Just as she began to pursue God, her family faced a crisis. Her 15-year-old brother Willie developed bone cancer in his leg. She’d seen enough cases to believe the brother, who was more like a son to her, faced a grim prognosis.

It usually unfolded like this: Doctors amputate the affected bone, administer chemotherapy, and patients survive perhaps a year.

The diagnosis crushed the doctor in Woodard. Quickly, the believer took over.

“I was consumed with praying for him because I knew that even with the best of care it was hopeless,” she says. “But I still felt that God could do something for him.”

Against such a dim backdrop, Willie lived. Somehow, despite being on Medicaid, he was assigned one of the world’s leading cancer surgeons at the University of Florida in Gainesville. Rather than amputate, the surgeon tried a new procedure: removing the tumor, grafting bone from a cadaver, and stabilizing the splice job with a metal rod.

Today, Willie is still walking, albeit with a limp.

“For me to know that God was a healer was a vital piece of information because doctors are thought of as healers in this society, and there are so many things that doctors cannot do,” she says.

“The Lord told me that I sent you to Harvard because I wanted you to go to man’s best so you could see the limitations of man’s best.”

Every Harvard teaching hospital she visited had a morgue, she says.

That “just let me know that man cannot do everything,” she says. “But the Scriptures tell me that what’s impossible with man is possible with God.”

Thirteen years ago, Woodard opened her first clinic, tucked away in a far corner of the Winn-Dixie Plaza in Clermont. She chose to name her practice for a name given the Messiah.
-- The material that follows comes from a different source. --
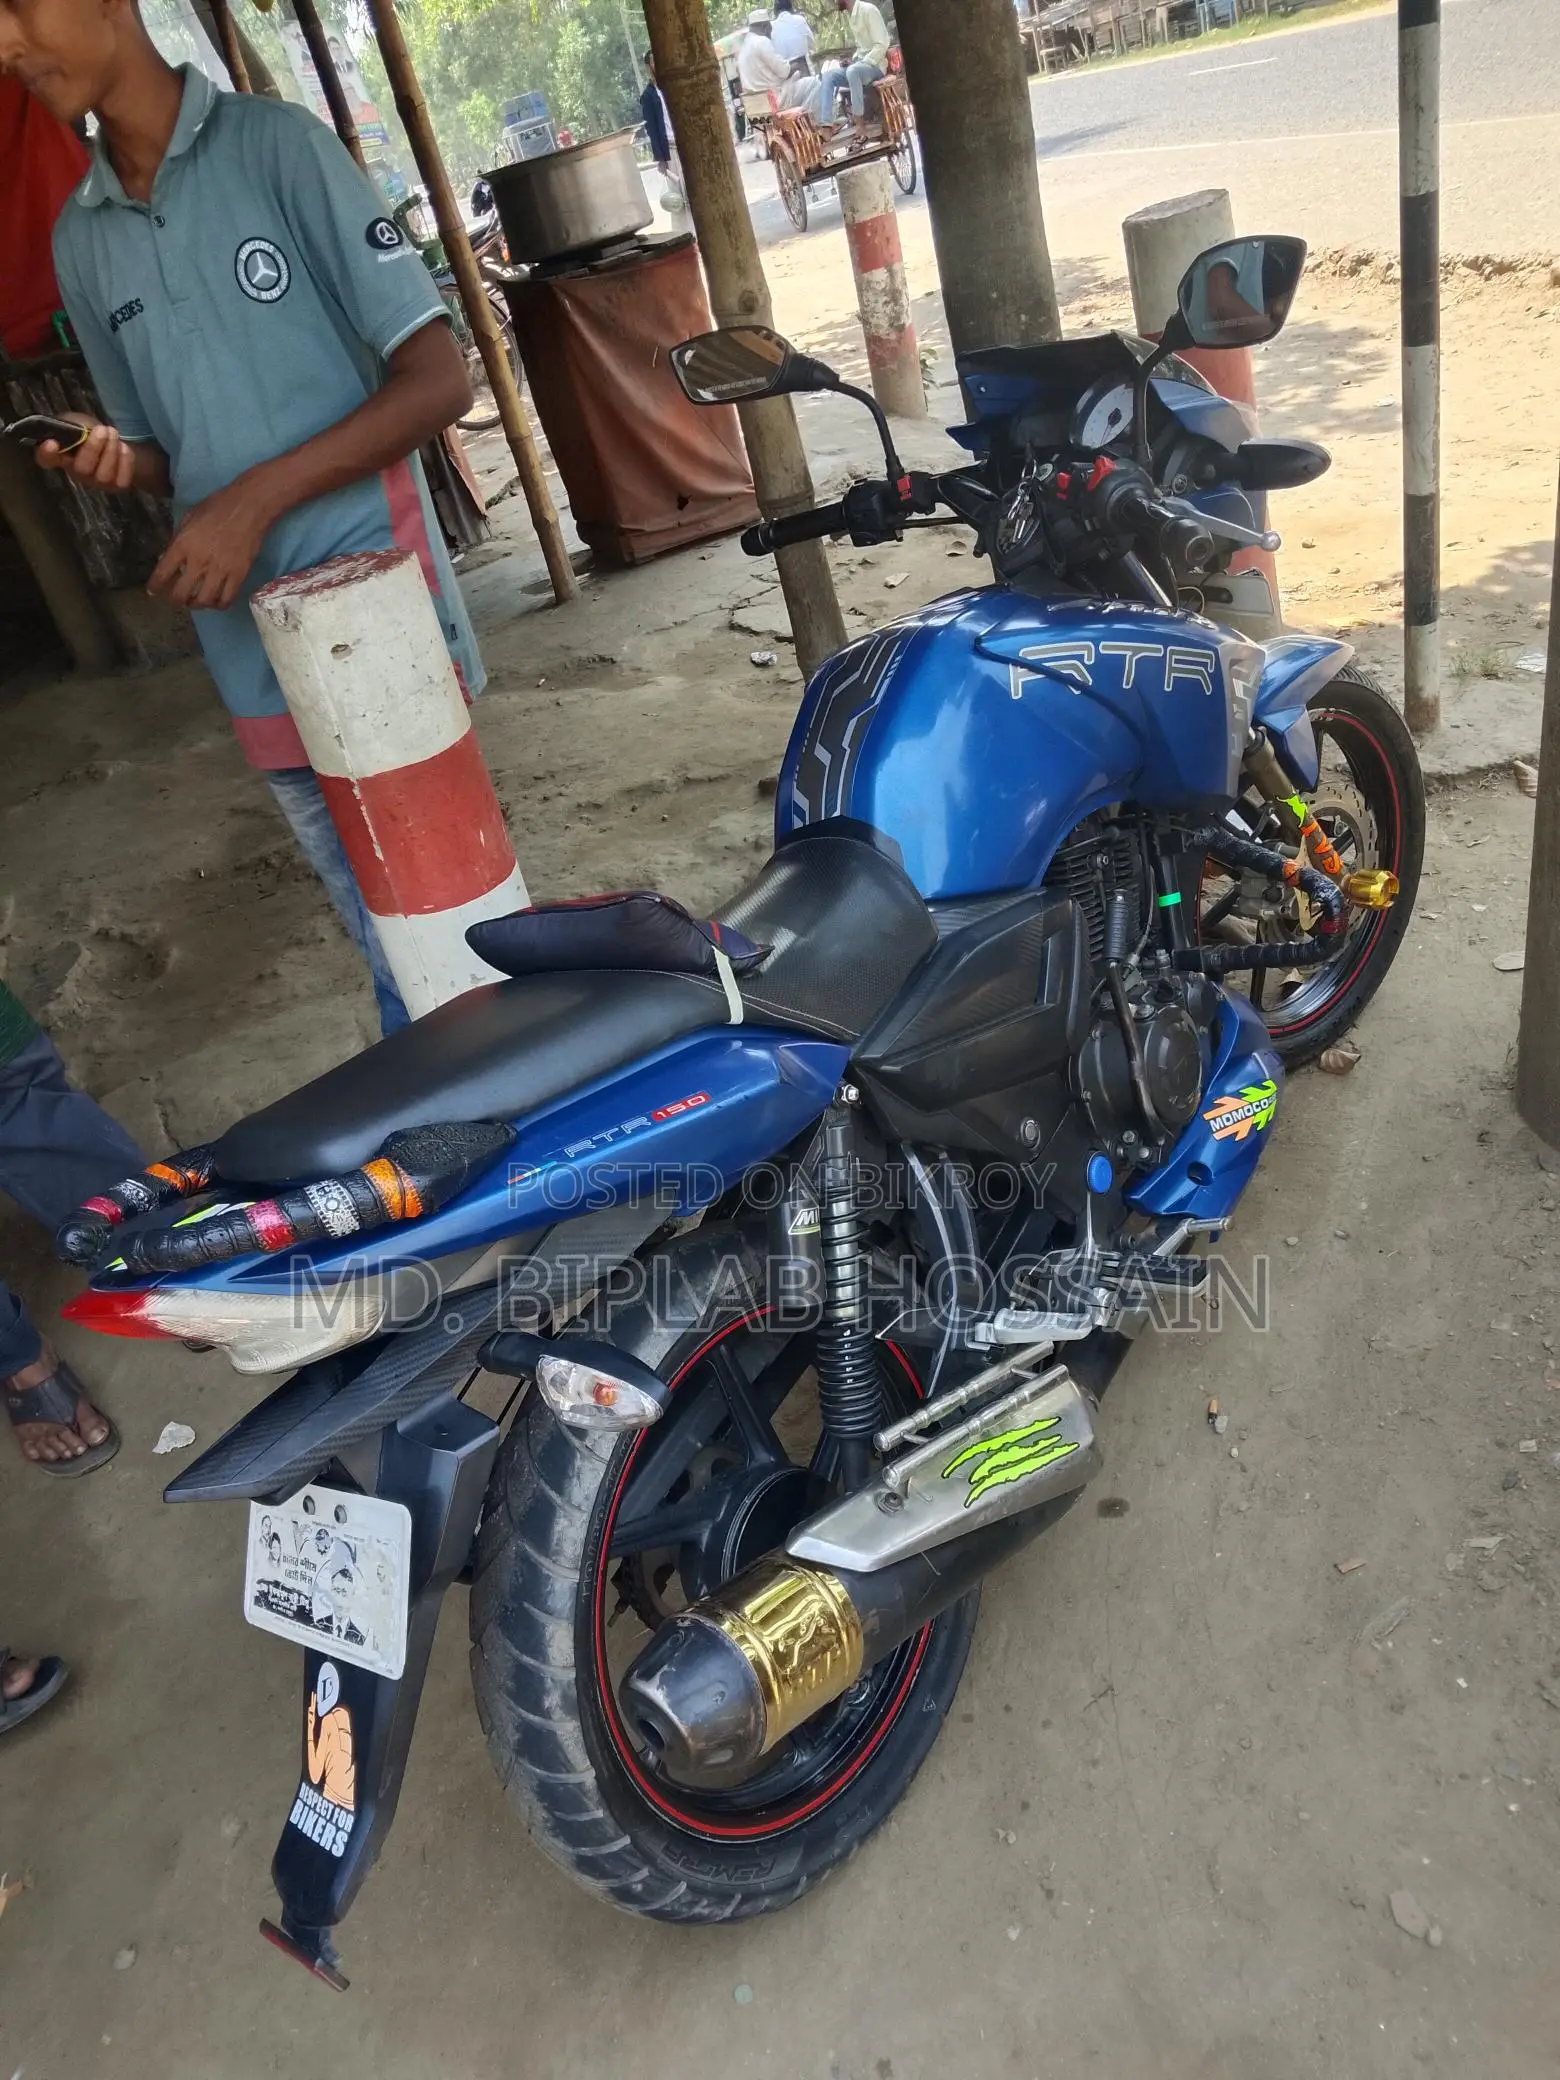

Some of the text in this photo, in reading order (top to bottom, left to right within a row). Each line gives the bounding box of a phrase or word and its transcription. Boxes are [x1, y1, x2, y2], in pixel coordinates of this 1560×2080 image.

[1009, 641, 1215, 700] RTR
[564, 1095, 706, 1158] RTR 150
[290, 1798, 348, 1857] BIKERS
[299, 1782, 354, 1833] RESPECT FOR
Emmanuel means “God with us.”

There are signs of his presence everywhere: a book shelf stocked with missionary magazines, Bible storybooks and an edition of The Faith of Billy Graham; postings of scriptures printed in black ink.

Then there’s Woodard herself.

On a recent Friday, she walks into an examination room. She’s wearing those familiar scuffed blue shoes and toting a clipboard.

Jennie Maldonado is perched on the examination table, shifting her white cane. Woodard examines the chart. Maldonado’s blood pressure is dangerously low.

“Are you dizzy when you stand up?” Woodard asks.

“Quite so.”

Woodard slides onto a wheeled stool and rolls in close to Maldonado. She speaks to her in a tone barely above a whisper, looking straight into Maldonado’s dark sunglasses. She probably spends 20 minutes with her. Woodard conducts all her business this way. The waiting room swells, but no one seems to mind.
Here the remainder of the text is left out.